Des textes fondateurs à la Franc-Maconnerie lilloise
Le dernier numéro de Franc-Maçonnerie Magazine s’attaque à un monument de la culture maçonnique : ses textes dits « fondateurs ». À travers un dossier central riche et nuancé, la rédaction nous invite à une déconstruction nécessaire de nos héritages documentaires, tout en explorant l’actualité et l’histoire de la vie des loges.
Ce dossier pose un constat sans détour : les textes fondateurs ne sont ni monolithiques, ni intangibles. Ils sont le fruit d'apports pluriels et d'évolutions successives. À l'instar de la Bible, ils se sont constitués par strates, intégrant des sources variées souvent réinterprétées a posteriori.

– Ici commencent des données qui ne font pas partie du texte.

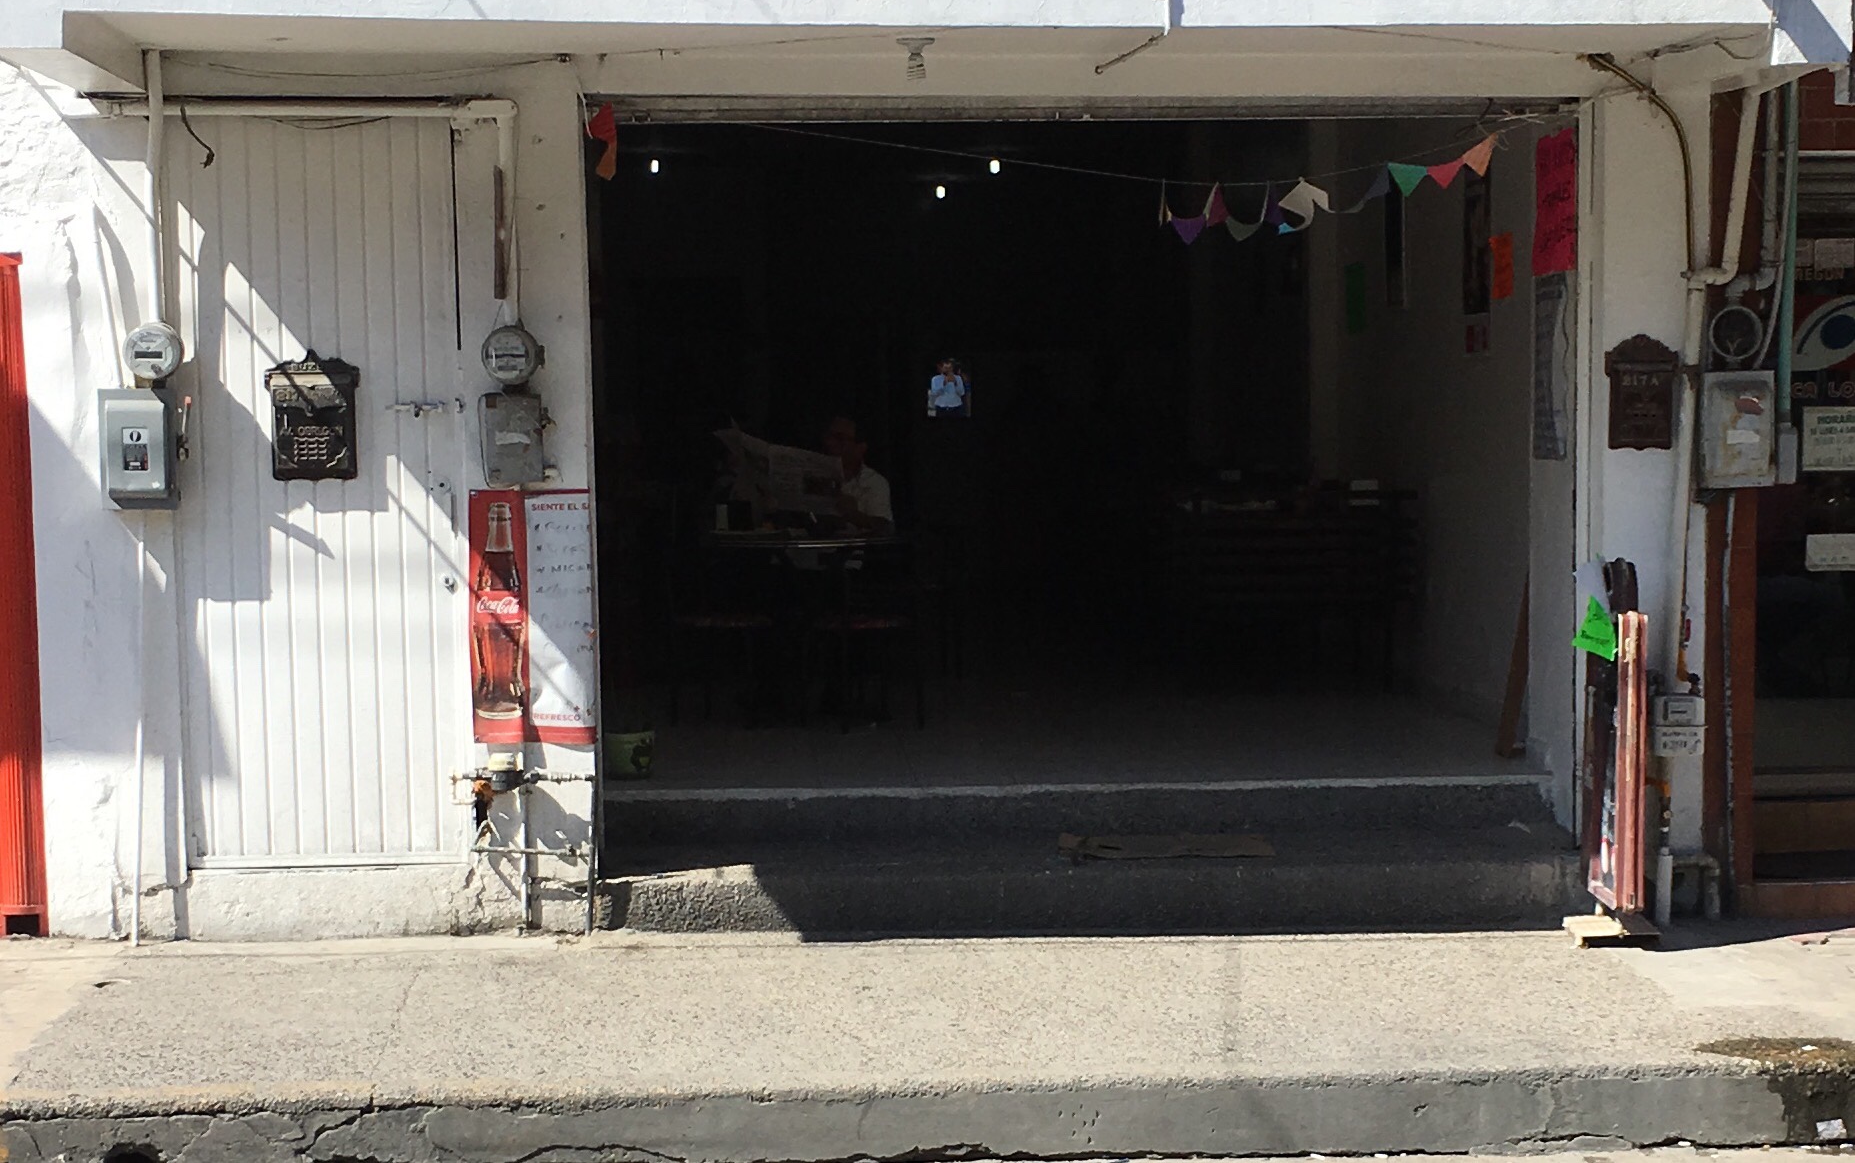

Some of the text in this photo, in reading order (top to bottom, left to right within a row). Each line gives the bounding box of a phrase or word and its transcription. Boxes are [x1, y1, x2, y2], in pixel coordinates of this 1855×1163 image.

[532, 503, 565, 512] SIENTE
[567, 503, 579, 511] EL
[533, 713, 581, 722] REFRESCO

L’analyse souligne que bon nombre de ces documents, tels les « Old Charges » (Anciens Devoirs), n'avaient initialement aucune visée spéculative. Écrits par et pour des tailleurs de pierre, ils ont été investis de sens nouveaux par les maçons acceptés. Cette « invention de la tradition » nous rappelle que l’histoire maçonnique est faite d'histoires mythifiées. Les figures d’Anderson, Ramsey, Dermott ou Willermoz y apparaissent comme les architectes d'un récit qui emprunte autant au réel qu’au fantasme.

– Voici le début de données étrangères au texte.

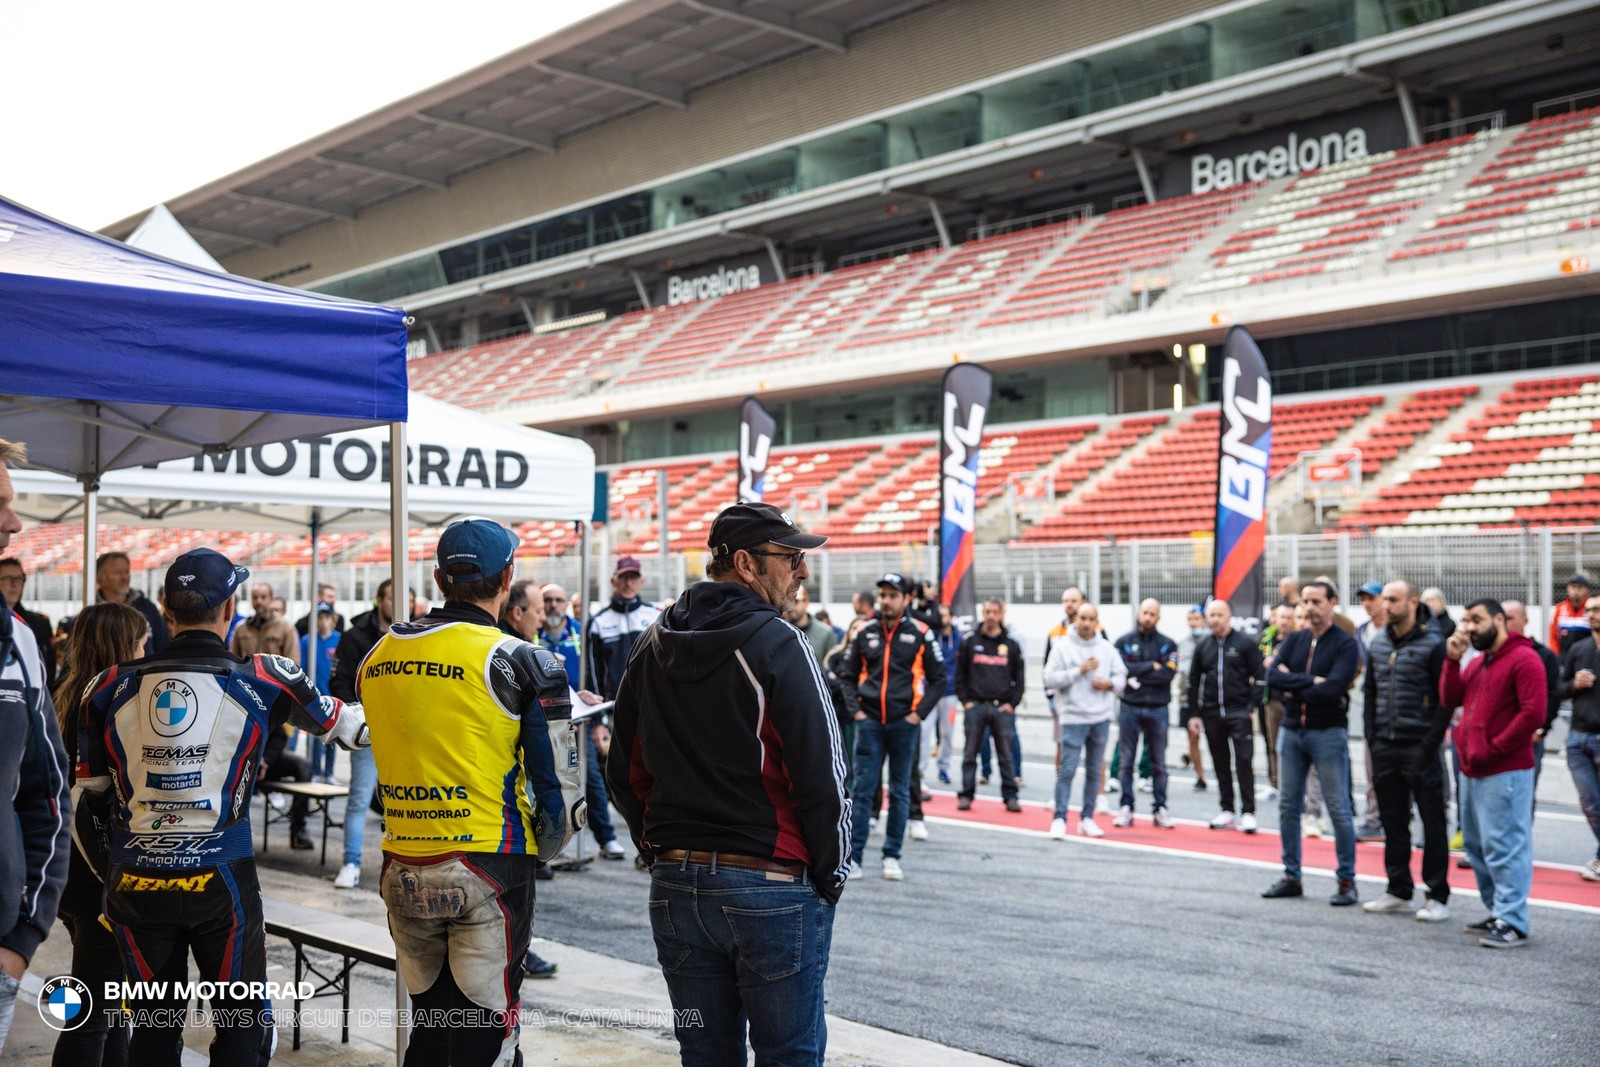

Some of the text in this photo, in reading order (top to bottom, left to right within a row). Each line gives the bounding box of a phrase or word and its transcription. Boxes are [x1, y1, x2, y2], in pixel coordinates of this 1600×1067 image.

[1191, 127, 1368, 195] Barcelona
[668, 265, 760, 306] Barcelona
[365, 660, 465, 681] INSTRUCTEUR
[154, 681, 192, 698] BMW
[161, 778, 200, 789] motards
[153, 801, 207, 810] MICHELIN
[386, 808, 471, 820] BMW MOTORRAD

Un parallèle passionnant est d'ailleurs dressé avec le compagnonnage. Jean-Michel Mathonière y évoque le « voyage fantasmé » du compagnon opératif, une imagerie que l’on retrouve encore aujourd'hui, de manière très vive, lors des cérémonies d’augmentation de salaire au Rite Écossais Ancien et Accepté (REAA). La conclusion s'impose d'elle-même : s'il faut « réformer sans trahir », l'exercice s'apparente à une équation presque impossible que chaque génération de maçons doit pourtant tenter de résoudre.

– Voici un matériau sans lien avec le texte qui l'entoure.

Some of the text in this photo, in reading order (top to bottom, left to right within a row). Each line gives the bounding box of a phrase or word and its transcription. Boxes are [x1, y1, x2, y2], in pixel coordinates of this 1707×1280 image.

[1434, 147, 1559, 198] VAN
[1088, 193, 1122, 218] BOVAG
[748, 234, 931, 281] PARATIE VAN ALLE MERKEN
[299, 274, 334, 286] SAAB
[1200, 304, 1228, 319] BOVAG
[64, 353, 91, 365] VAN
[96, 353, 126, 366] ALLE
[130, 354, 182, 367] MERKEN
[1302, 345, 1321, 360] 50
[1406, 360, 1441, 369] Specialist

Focus sur le Nord . La vitalité lilloise
Le magazine met également à l’honneur la franc-maçonnerie lilloise. Avec une implantation historique forte et une influence qui ne se dément pas, le Nord reste une terre d'élection pour l'Ordre. Le dossier invite les Frères et les Sœurs de la région, ainsi que les visiteurs de passage, à redécouvrir un patrimoine et une activité maçonnique d'une densité exceptionnelle.
Mais encore
Côté vie des structures, le numéro signale la dernière Assemblée Générale du GITE (Groupement International de Tourisme) et évoque son évolution.
Le magazine donne également la parole au « philosophe engagé » Henri Péna-Ruiz. alors que, dans la section historique, Pierre Mollier apporte son éclairage sur une figure singulière de l’Angleterre victorienne : John Yarker. Personnage boulimique de rites, Yarker incarne cette quête effrénée d’initiation et l’accumulation de « hautes charges » qui ont marqué une certaine époque de la maçonnerie anglo-saxonne.
Enfin, l'art s'invite au sommaire avec l’exposition Matisse au Grand Palais. Le magazine révèle les liens personnels du peintre avec le franc-maçon Marcel Sembat et son épouse, rappelant que l’histoire de l’art et l’histoire des loges s’entrecroisent souvent de manière intime et féconde.
Recensions . La fabrique numérique du soupçon
Au chapitre des critiques littéraires, signalons la recension de l’ouvrage de Jiri Pragman, Antimaçonnique : La fabrique numérique du soupçon (Numérilivre). Un livre essentiel pour comprendre comment les vieux ressorts de l’antimaçonnisme se sont adaptés à l’ère digitale et aux réseaux sociaux.